Поступил я так из опасения, что в конце концов встречу монсиньора Риго, если слишком часто буду здесь вертеться.
- У нас не принято, чтобы просители по телефону добивались аудиенции, наставительно заметил священник. - Зайдите, пожалуйста, сами.
Я был уже в дверях, когда он окликнул меня. Таким образом, я второй раз прошагал через гигантский зал и снова встал перед письменным столом. Священник только теперь внимательно поглядел на меня, потому что раньше был поглощен исключительно листками.
- Пожалуйста, тщательно подготовьтесь к аудиенции, - сказал он. Постарайтесь говорить сжато, ясно и не волнуясь.
- Понимаю, - ответил я. - Буду держать себя как надо.

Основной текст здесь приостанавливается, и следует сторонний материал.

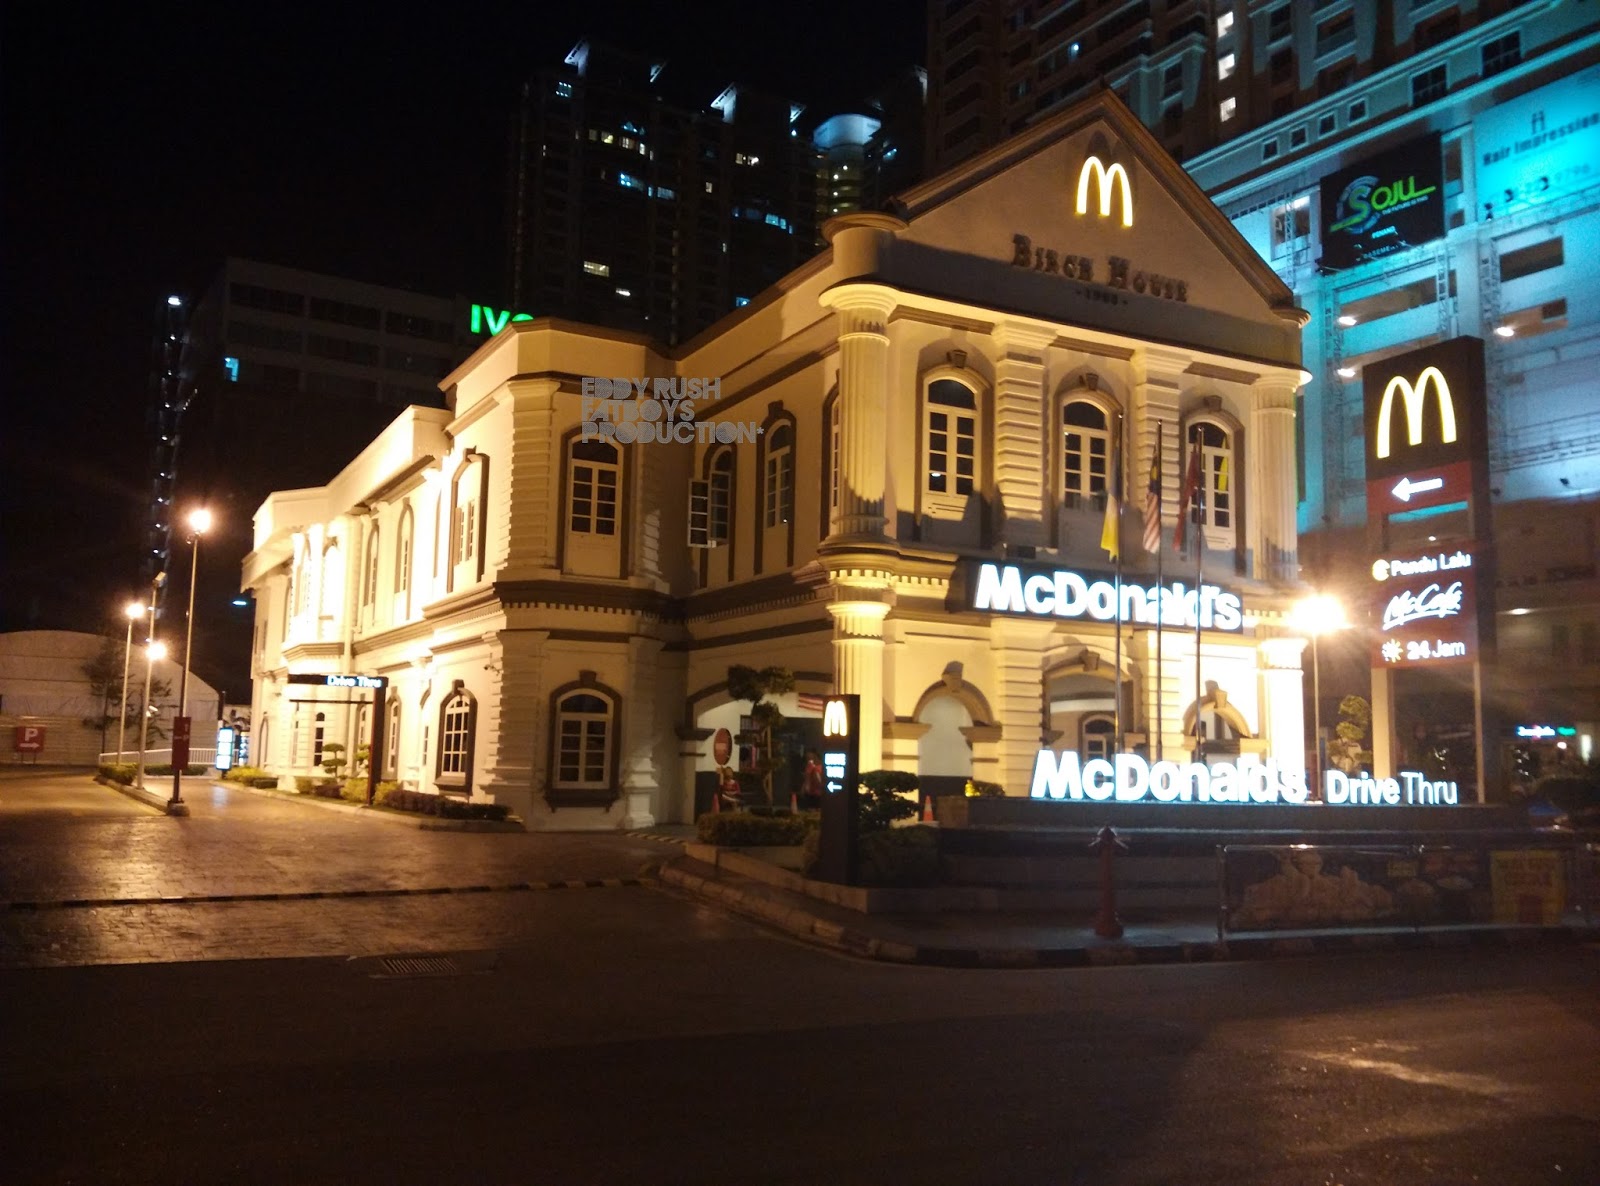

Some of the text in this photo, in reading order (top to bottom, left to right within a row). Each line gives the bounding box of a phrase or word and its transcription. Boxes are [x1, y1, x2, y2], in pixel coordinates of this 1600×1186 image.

Однако на следующий день, уже далеко после полудня, когда меня наконец вызвали к кардиналу Травиа, сердце у меня бурно заколотилось. В пансионате я записал все, что надо сказать, и выучил наизусть. Мой взгляд на аудиенцию не изменился. Я не обольщался, ничего от нее не ждал. И все-таки мне хотелось, чтобы и это осталось позади. Сердце у меня стучало. Ожидание аудиенции, тянувшееся уже сорок часов, было для меня немалым испытанием. Когда я исправлял стиль и уточнял текст подготовленной мною речи, по телу моему пробегали мурашки. Меня била дрожь, когда я приближался к дворцу Канчеллерия, и холодело сердце всякий раз, как я переступал порог апартаментов кардинала Травиа. Более всего я опасался встречи с монсиньором Риго, но так и не наткнулся на него. Ни в воротах, ни здесь. В обоих залах почти всегда было пусто. Один только раз я увидел в том, первом, зале, где находился служитель, двух посетителей, одетых, как и я, в темные костюмы. Они неподвижно сидели друг подле друга на диванчике и молчали. Впрочем, я едва разглядел их на большом расстоянии, с другого конца огромного зала. Да и длилось это одно мгновение, пока служитель выпроваживал меня, так как час аудиенции еще не был назначен. А так, кроме священников, которые меня принимали, никого. И всегда та же самая мертвая, застывшая тишина.